## [Work request]
An exact copy of the entries below is needed, with every picture left out.

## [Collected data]
BEGIN

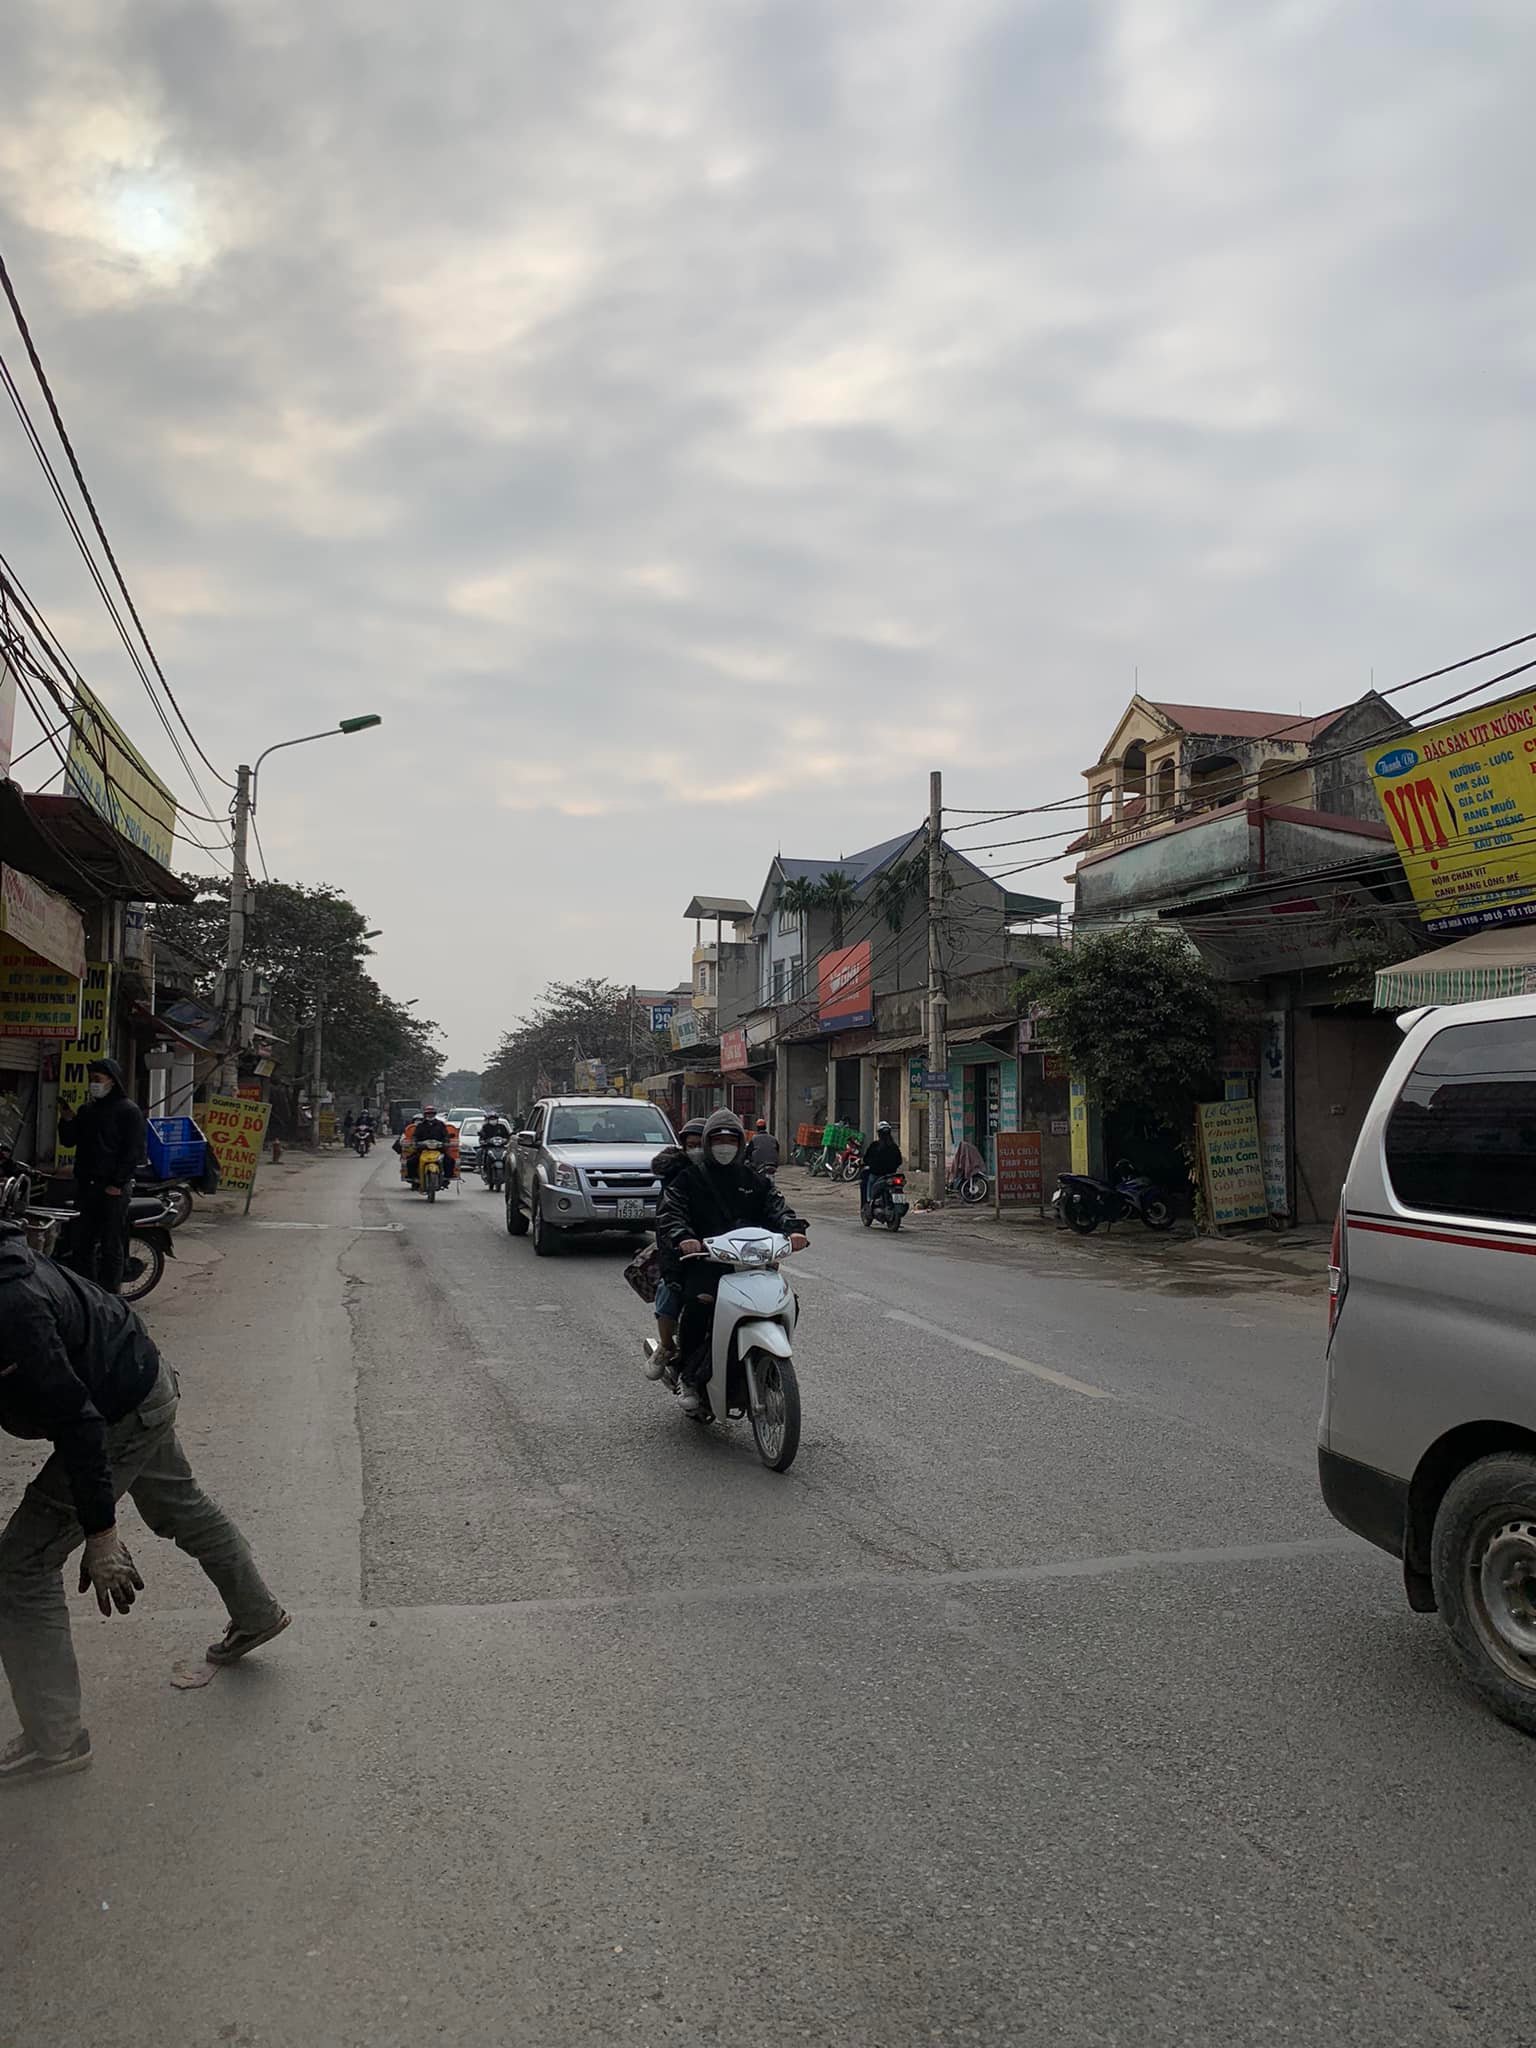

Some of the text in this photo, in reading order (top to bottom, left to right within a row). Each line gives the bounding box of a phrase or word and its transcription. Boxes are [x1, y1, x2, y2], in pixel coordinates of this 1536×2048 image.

[1470, 724, 1489, 748] VỊT
[1490, 709, 1533, 737] NƯỚNG
[1454, 781, 1470, 793] OM
[1384, 777, 1449, 870] VỊT
[83, 1000, 103, 1020] NG
[656, 1013, 671, 1029] 29
[208, 1109, 241, 1127] PHỞ
[211, 1131, 250, 1148] GÀ
[226, 1147, 256, 1164] RANG

END

## [Answer]
Some of the text in this photo, in reading order (top to bottom, left to right within a row). Each line gives the bounding box of a phrase or word and its transcription. Boxes are [x1, y1, x2, y2], in pixel coordinates of this 1536×2048 image.

[1470, 724, 1489, 748] VỊT
[1490, 709, 1533, 737] NƯỚNG
[1454, 781, 1470, 793] OM
[1384, 777, 1449, 870] VỊT
[83, 1000, 103, 1020] NG
[656, 1013, 671, 1029] 29
[208, 1109, 241, 1127] PHỞ
[211, 1131, 250, 1148] GÀ
[226, 1147, 256, 1164] RANG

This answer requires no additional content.